About this exercise: With the images left out, print every entry that follows exactly.

[Records contained in a dataset]
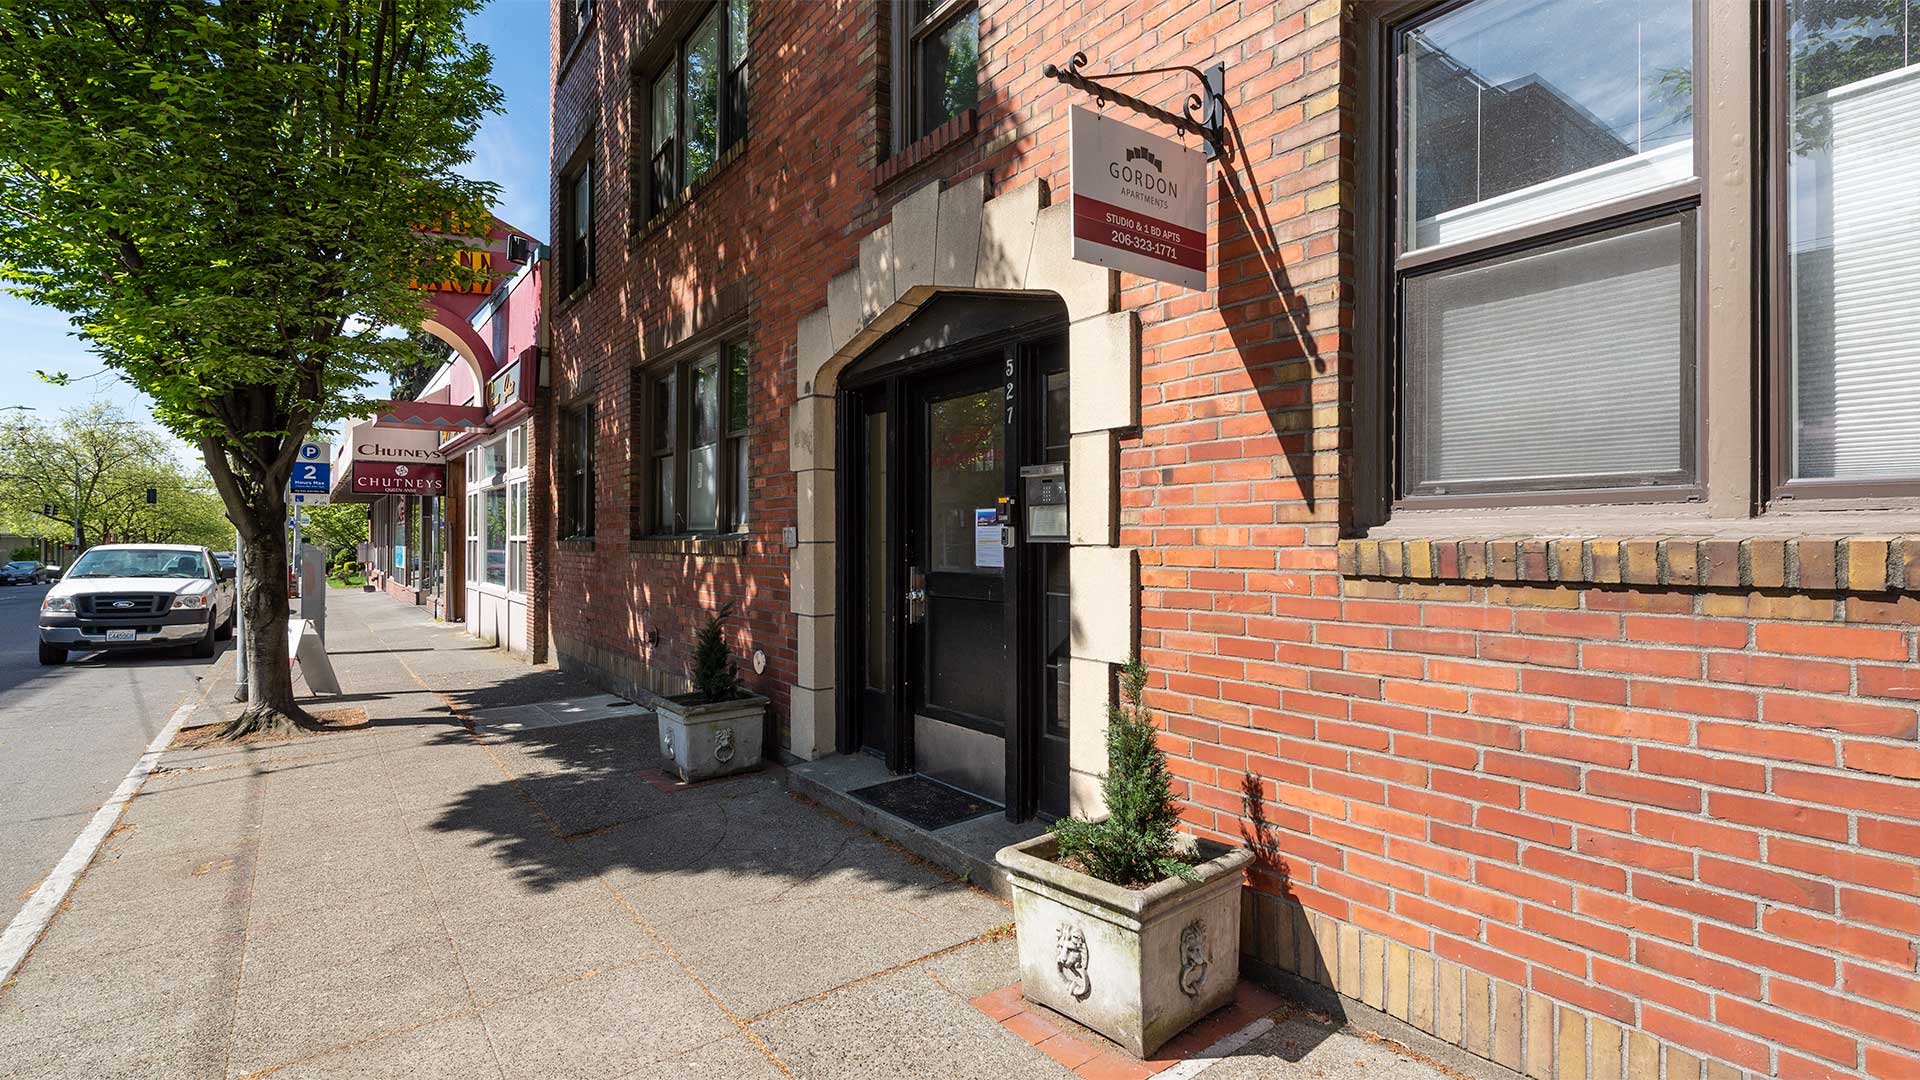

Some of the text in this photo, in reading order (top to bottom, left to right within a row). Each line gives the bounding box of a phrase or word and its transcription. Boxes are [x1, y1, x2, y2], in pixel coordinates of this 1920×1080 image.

[1109, 162, 1178, 198] GORDON
[1120, 187, 1169, 210] APARTMENTS
[1106, 212, 1181, 243] STUDIO & 1 BD APTS
[1111, 230, 1177, 259] 206-323-1771
[306, 447, 316, 457] P
[303, 465, 317, 480] 2
[357, 476, 442, 489] CHUTNEYS
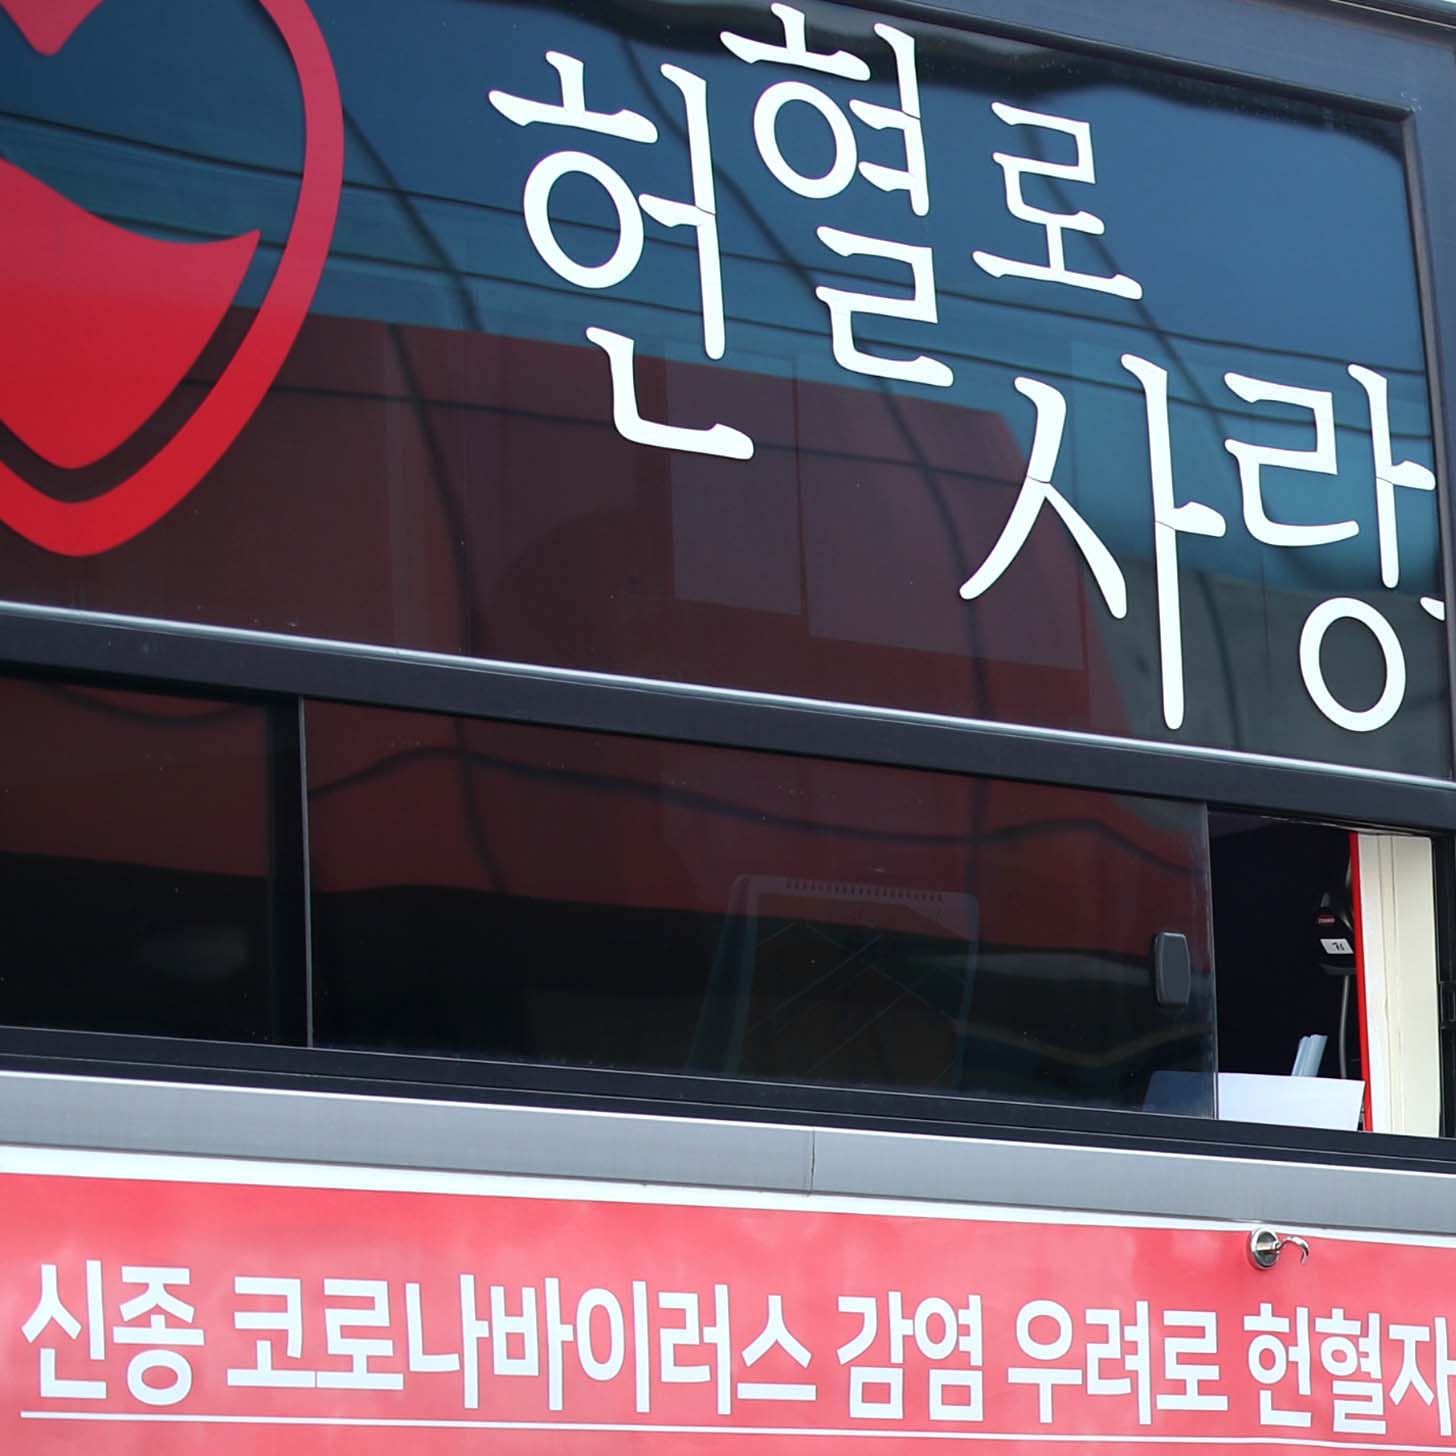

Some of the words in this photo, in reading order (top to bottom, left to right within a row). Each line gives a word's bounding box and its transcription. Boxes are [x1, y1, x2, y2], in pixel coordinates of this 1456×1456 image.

Answer box:
Some of the text in this photo, in reading order (top to bottom, left to right within a row). Each line gives the bounding box of a phrase or word and its transcription. Boxes are [x1, y1, x2, y2], in pixel coordinates of this 1920×1080 image.

[1109, 162, 1178, 198] GORDON
[1120, 187, 1169, 210] APARTMENTS
[1106, 212, 1181, 243] STUDIO & 1 BD APTS
[1111, 230, 1177, 259] 206-323-1771
[306, 447, 316, 457] P
[303, 465, 317, 480] 2
[357, 476, 442, 489] CHUTNEYS

Some of the words in this photo, in reading order (top to bottom, left to right within a row). Each line gives a word's bounding box and its transcription. Boxes are [x1, y1, x2, y2], in pixel coordinates of this 1456×1456 image.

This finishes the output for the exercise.